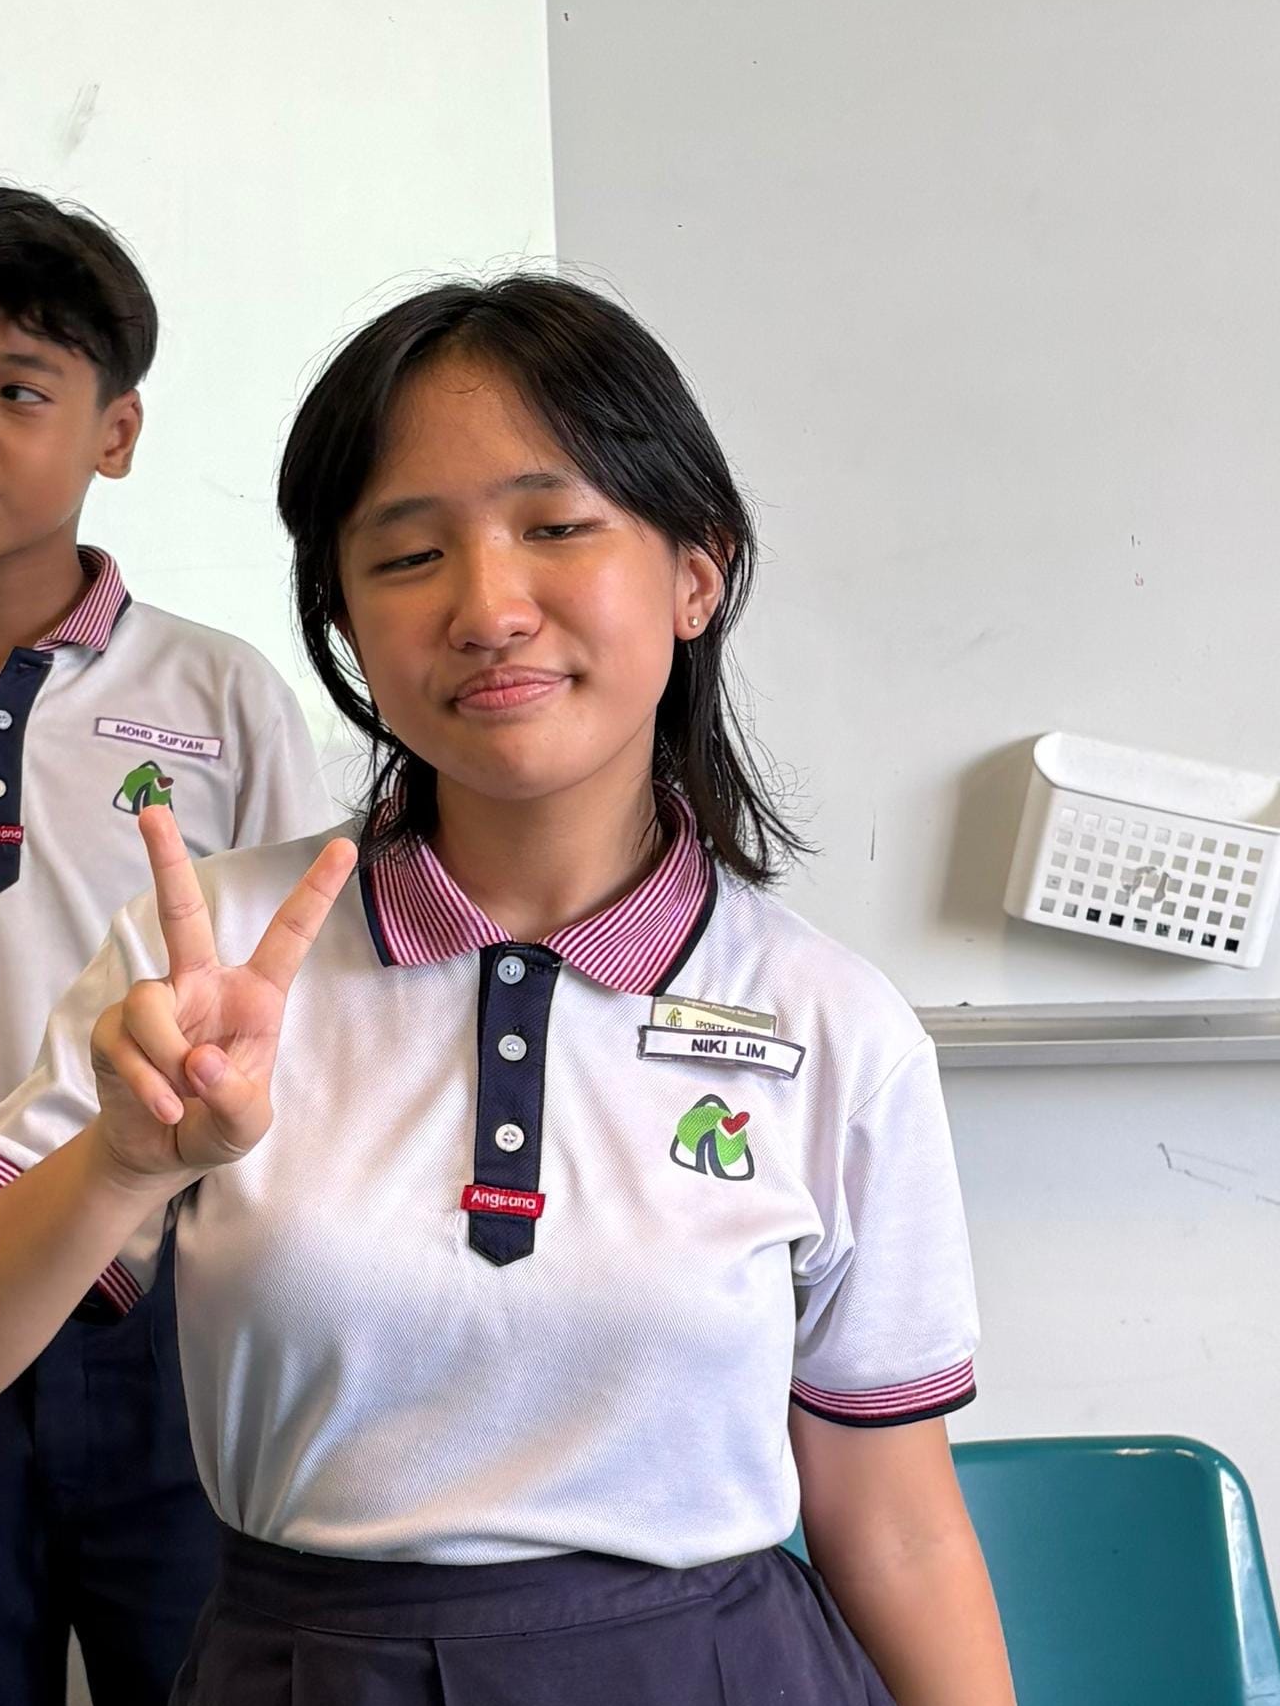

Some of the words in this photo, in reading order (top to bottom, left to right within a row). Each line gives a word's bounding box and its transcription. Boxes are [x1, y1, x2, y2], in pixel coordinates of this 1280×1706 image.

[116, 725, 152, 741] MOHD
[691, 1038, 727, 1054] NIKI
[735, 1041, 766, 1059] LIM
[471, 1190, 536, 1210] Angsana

> [ACTIVITY]: Print the material above exactly, skipping its images.

> [RESULT FOR THIS EXERCISE]:
Some of the words in this photo, in reading order (top to bottom, left to right within a row). Each line gives a word's bounding box and its transcription. Boxes are [x1, y1, x2, y2], in pixel coordinates of this 1280×1706 image.

[116, 725, 152, 741] MOHD
[691, 1038, 727, 1054] NIKI
[735, 1041, 766, 1059] LIM
[471, 1190, 536, 1210] Angsana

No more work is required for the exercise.